> [EXTRACTED ENTRIES]:

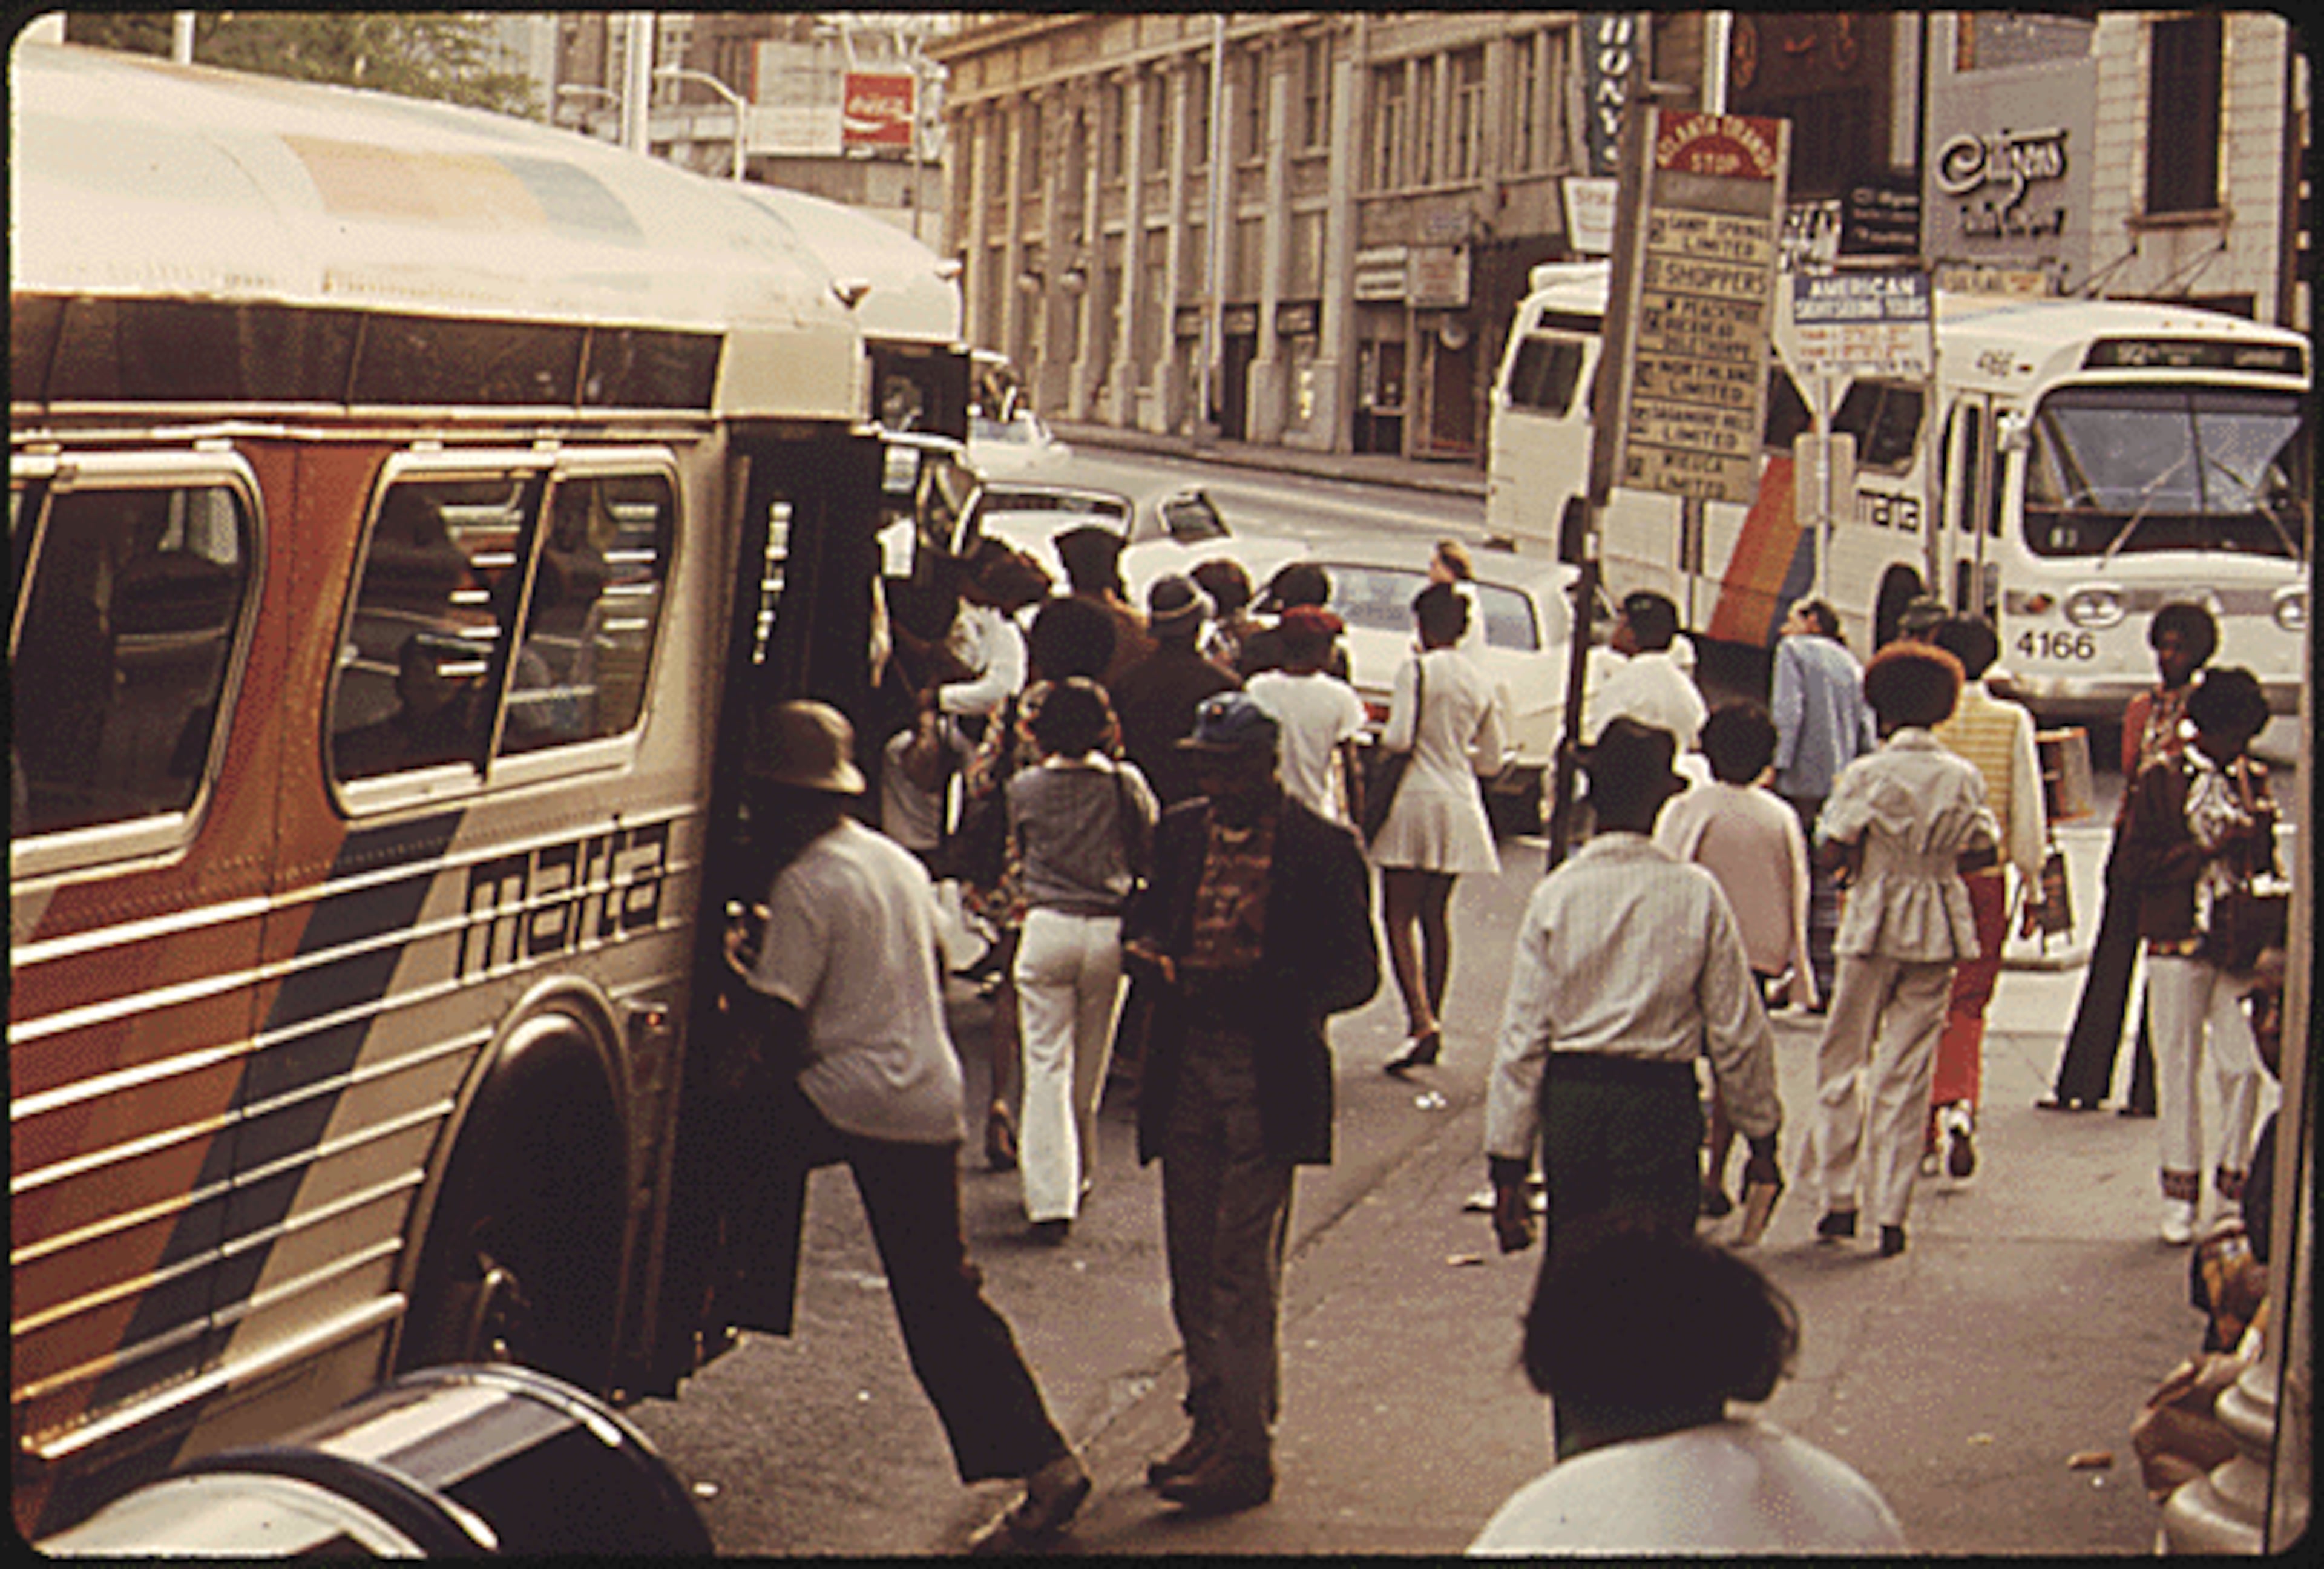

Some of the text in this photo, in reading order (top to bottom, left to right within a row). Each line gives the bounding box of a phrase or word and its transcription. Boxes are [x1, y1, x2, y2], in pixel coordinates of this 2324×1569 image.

[1690, 152, 1742, 173] STOP
[1666, 263, 1767, 293] SHOPPERS
[1810, 277, 1915, 297] AMERICAN
[2015, 631, 2096, 660] 4166
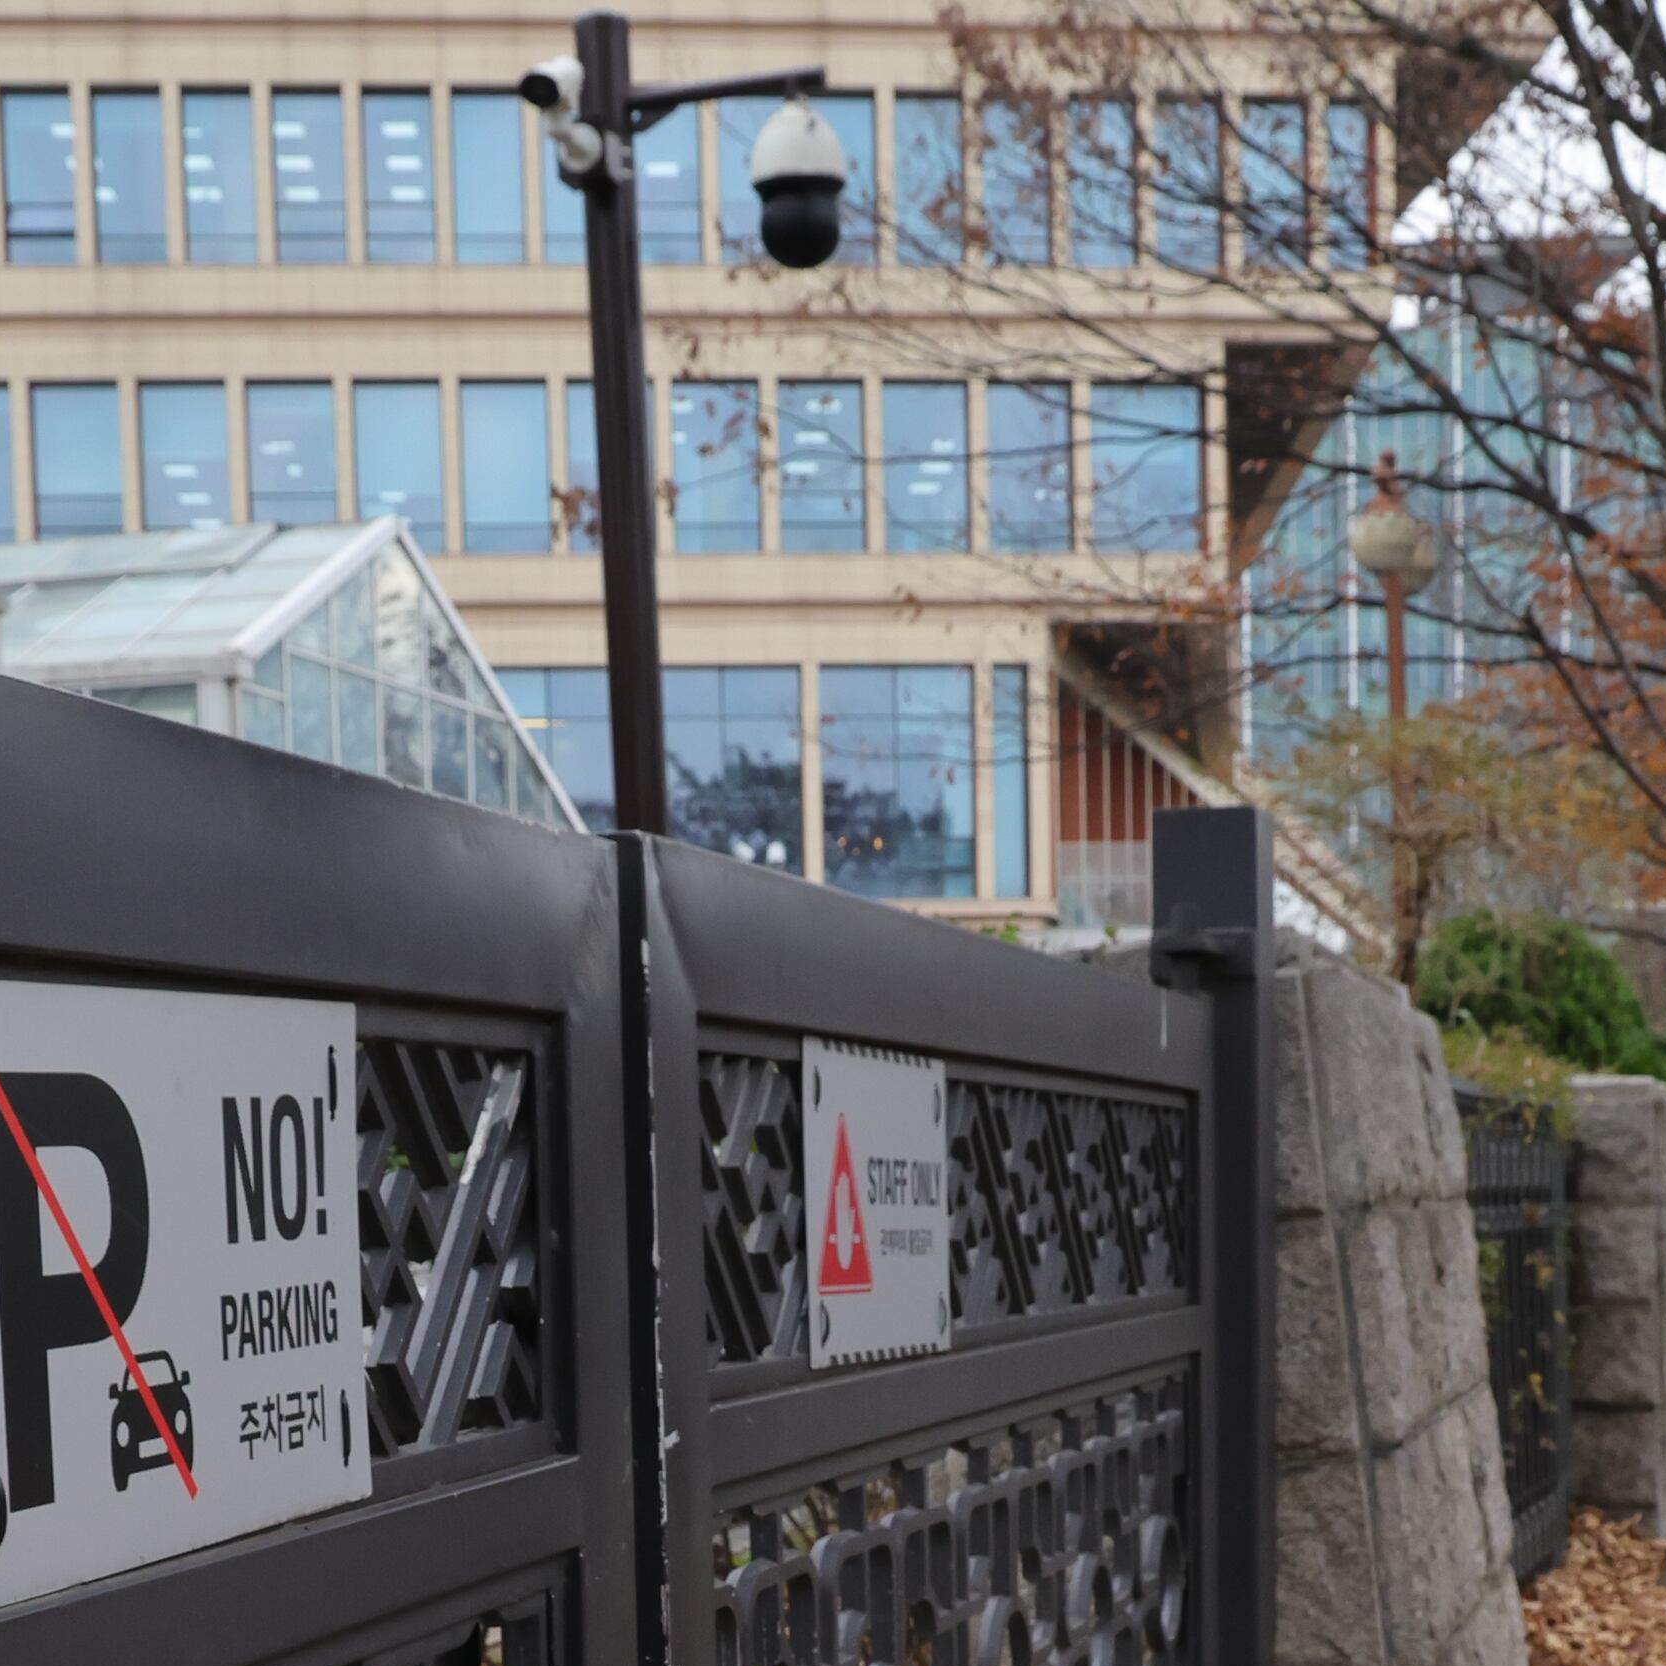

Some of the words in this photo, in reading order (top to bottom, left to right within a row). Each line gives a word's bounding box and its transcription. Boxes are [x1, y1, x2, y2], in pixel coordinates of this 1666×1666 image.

[221, 1094, 329, 1245] NO!
[867, 1156, 908, 1206] STAFF
[220, 1280, 339, 1362] PARKING
[238, 1384, 326, 1460] 주차금지

> [YOUR INSTRUCTIONS]:
Output the line containing "Some of the words" and all lines after it to the end of the records, exactly as given.

> [TASK SOLUTION]:
Some of the words in this photo, in reading order (top to bottom, left to right within a row). Each line gives a word's bounding box and its transcription. Boxes are [x1, y1, x2, y2], in pixel coordinates of this 1666×1666 image.

[221, 1094, 329, 1245] NO!
[867, 1156, 908, 1206] STAFF
[220, 1280, 339, 1362] PARKING
[238, 1384, 326, 1460] 주차금지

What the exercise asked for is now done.